Breitbart Watch: Loyal Breitbart Readers Boycott Kellogg's Products, Still A Bunch Of Froot Loops Anyway

When niche marketing goes too far

You know what wingnuts hate more than anything? Weak whiners who are constantly whining about being discriminated against, like the Blacks, or the Messispanics, or the homosexxicans, or the womenfolk. They are utterly sick of all that "identity politics" out there, and just want an America where all white people are treated equally. So of course it only stands to reason that when the Kellogg's breakfast cereal company decided -- voting with its advertising dollars -- that it would no longer advertise on the Breitbart website, the folks at Dead Breitbart's Home For Eternal Butthurt started howling about how the big mean cereal company was committing the greatest hate crime since the corporate murder of the Frito Bandito, and demanded a boycott of the nasty makers of crunchy breakfast foods:

And oh, good golly, did they ever offer a fine old snit:

Kellogg Co. announced on Tuesday its decision to pull ads from conservative media giant because its 45,000,000 monthly conservative readers are not “aligned with our values as a company.” In response, Breitbart News, one of the world’s top news publishers, has launched a #DumpKelloggs petition and called for a boycott of the ubiquitous food manufacturer.

The decision by Kellogg’s, which makes Pringles, Eggo waffles, as well as Special K and Frosted Flakes cereals, among others, will make virtually no revenue impact on It does, however, represent an escalation in the war by leftist companies like Target and Allstate against conservative customers whose values propelled Donald Trump into the White House

Ah, yes, it's Culture War in the shopping cart all over again. Now, maybe there really are 45 million Americans reading Breitbart monthly, although we rather doubt they're all conservatives -- Hi, Kellogg's, we at Wonkette don't mind at all, because we only go there to make fun of them. But it's good to know who the victims of hate are here: poor oppressed wingnuts, who never seem to get a break from the elitist cereal makers.
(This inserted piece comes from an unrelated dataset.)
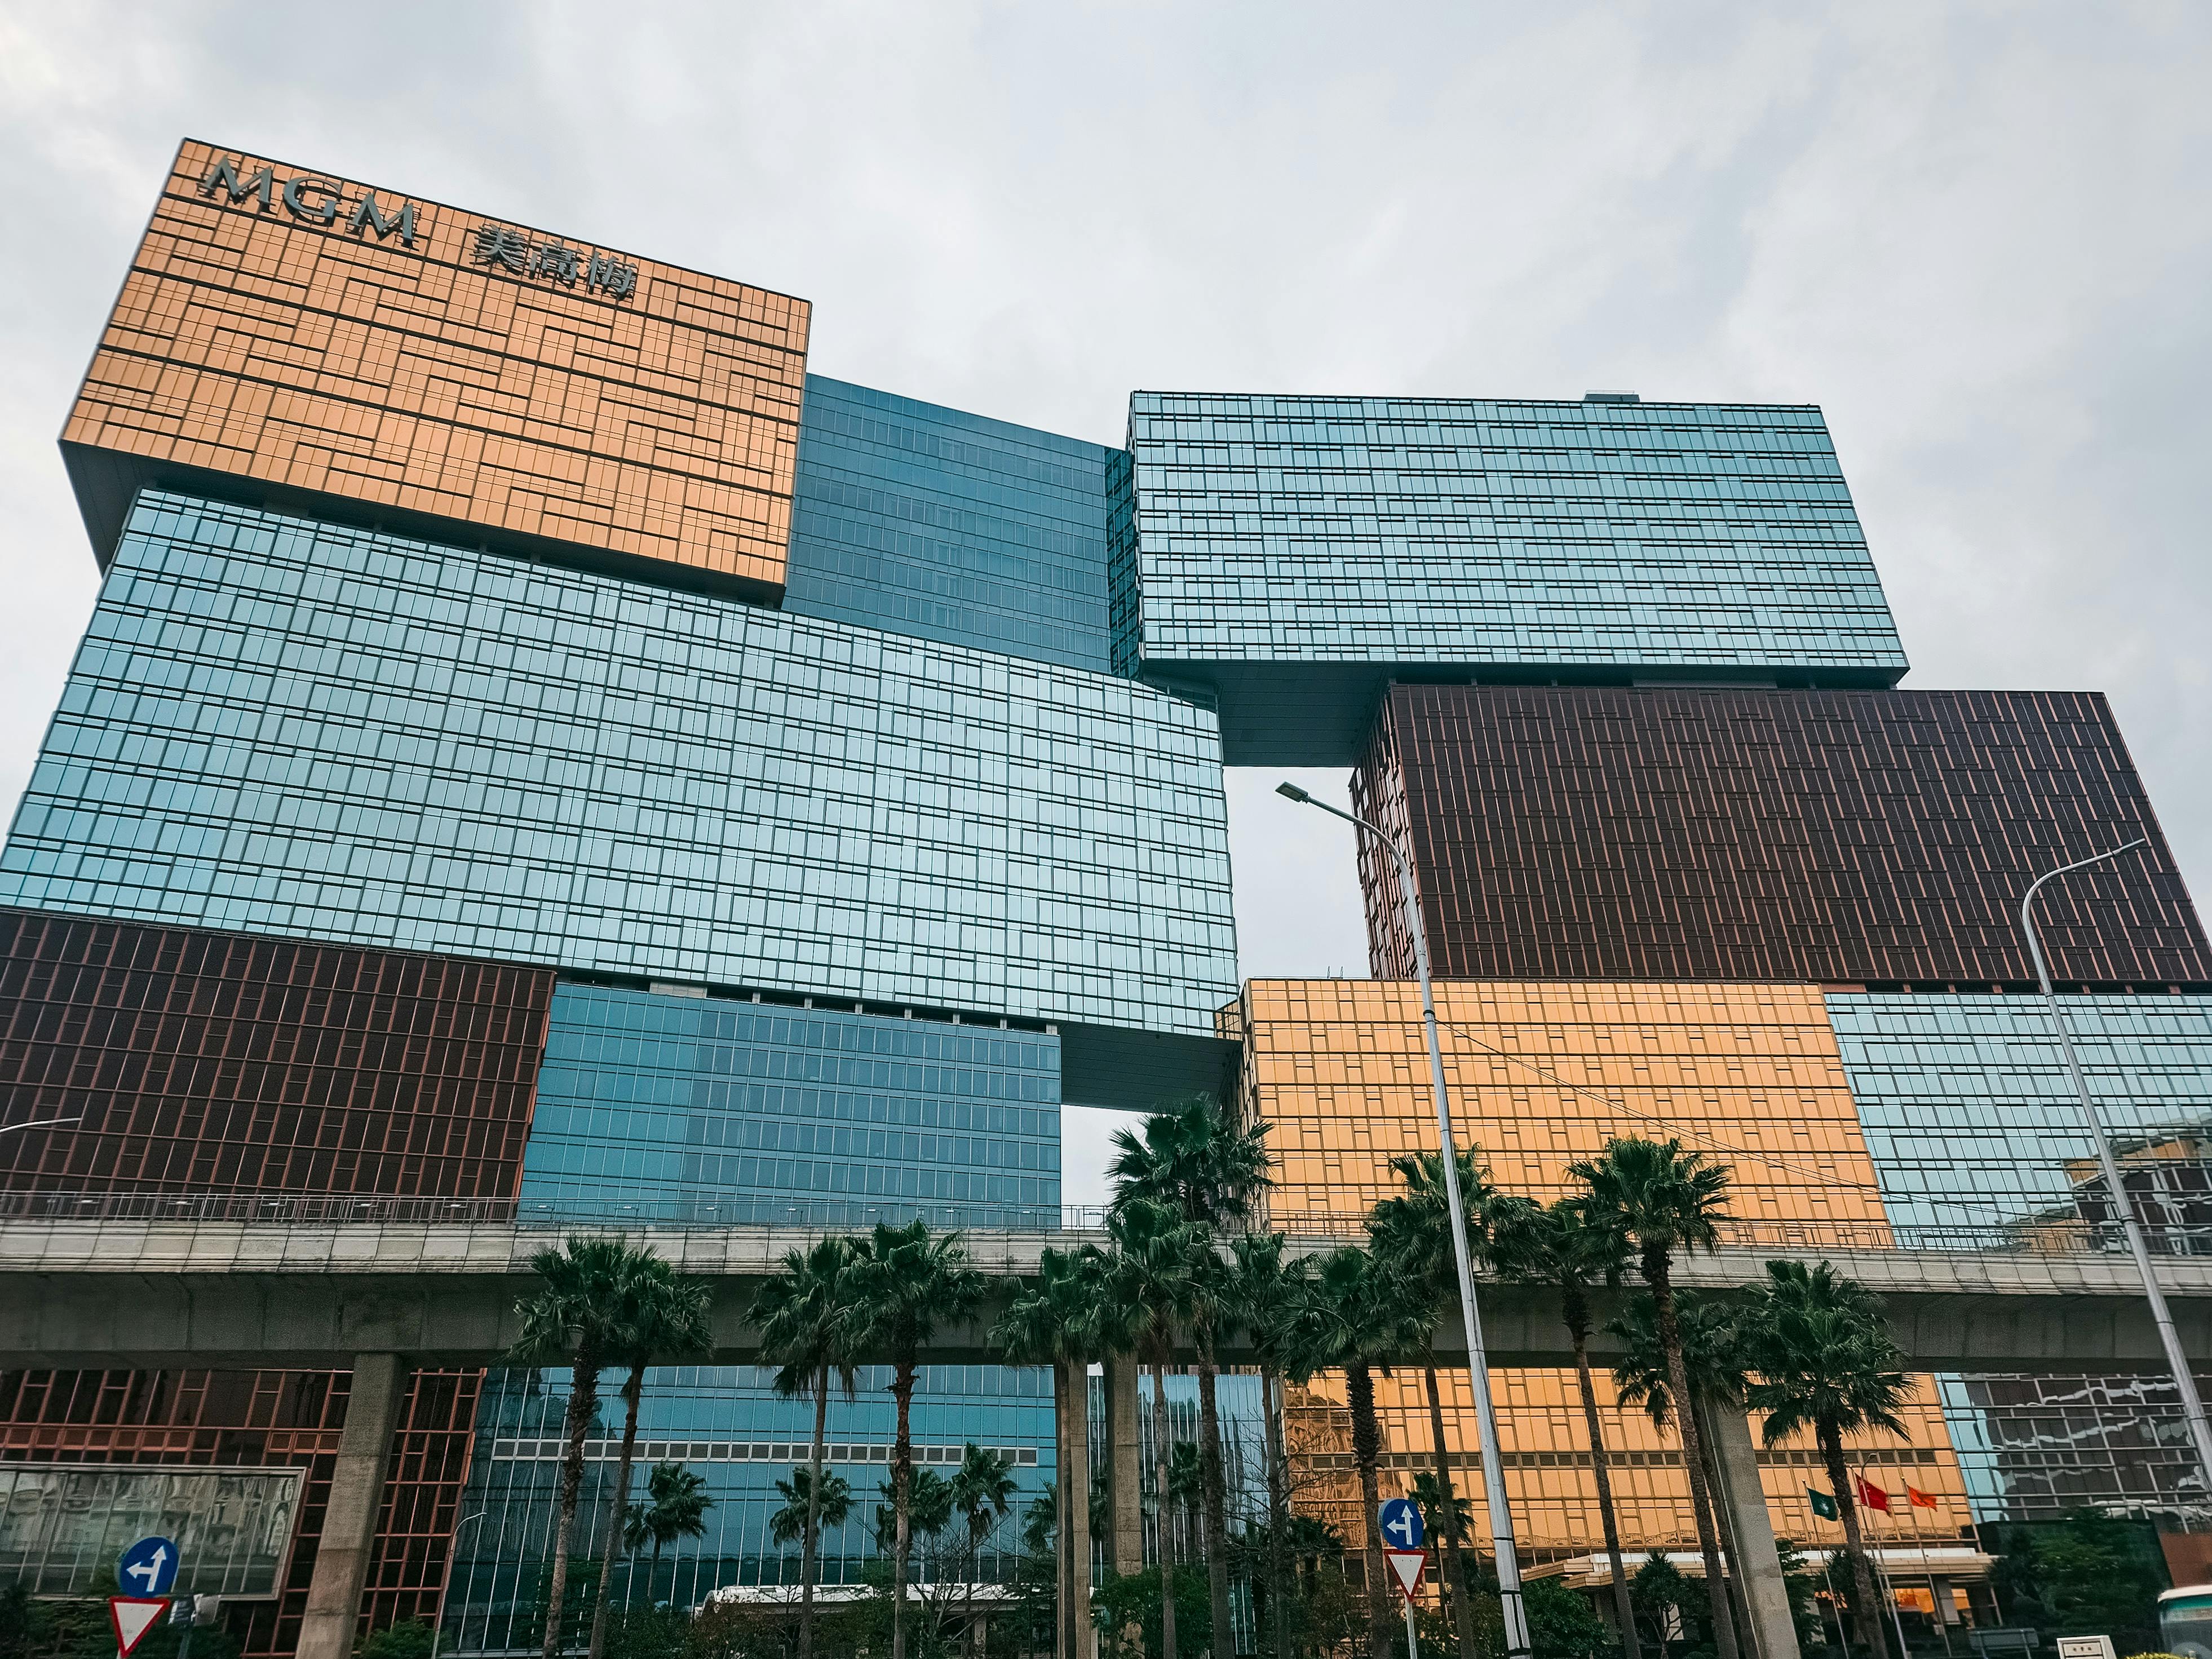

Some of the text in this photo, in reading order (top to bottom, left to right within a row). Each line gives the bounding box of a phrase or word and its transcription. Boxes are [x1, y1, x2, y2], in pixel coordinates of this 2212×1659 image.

[196, 154, 421, 250] MGM
[469, 223, 638, 300] 美高梅
We suspect the Breitcott will be about as effective in reining in Kellogg's rampant hate speech as all those boycotts by the 47 women who called themselves the Million Moms -- a month or two will go by, Breitbart will declare victory, and somewhere in there, a YouTube video will surface of some poor stock clerk being screamed at for participating in the globalist plot against American Values. Breitbart even posted an online petition/pledge thing (which will incidentally get you on their email list forever), which doesn't seem to recognize one simple fact: Hyperbole is worse than Hitler.

Yup. "If you serve Kellogg’s products to your family, you are serving up bigotry at your breakfast table.” And if you eat a bagel, you're helping the international Jewish banking conspiracy.

The counter on the pledge sheet lists 145,200 potential cereal killers so far, which we'll have to admit is way more than the nearly 35,000 people who signed a White House petition to build a Death Star, so perhaps that's an impressive turnout for the first day of a boycott. Plenty of people on Twitter are promising to buy more Kellogg's products, so it's difficult to say how well the effort to bring Tony the Tiger and Snap, Crackle and Pop to their knees will succeed. It may be worth noting, however, that after wingnuts called for a boycott of Hamilton after the cast politely asked Veep-Elect Mike Pence to respect diversity (those monsters!), the already popular musical set new ticket sales records.

Pro-tip to people planning to put their Kellogg's products to the torch: Remember that sugary cereal can be rather vigorously flammable, as was discovered a few years back by this gent who tried to punish General Mills for supporting marriage equality:

Oh, those flaming heterosexuals!


Doktor Zoom

Doktor Zoom's real name is Marty Kelley, and he lives in the wilds of Boise, Idaho. He is not a medical doctor, but does have a real PhD in Rhetoric. You should definitely donate some money to this little mommyblog where he has finally found acceptance and cat pictures. He is on maternity leave until 2033. Here is his Twitter, also. His quest to avoid prolixity is not going so great.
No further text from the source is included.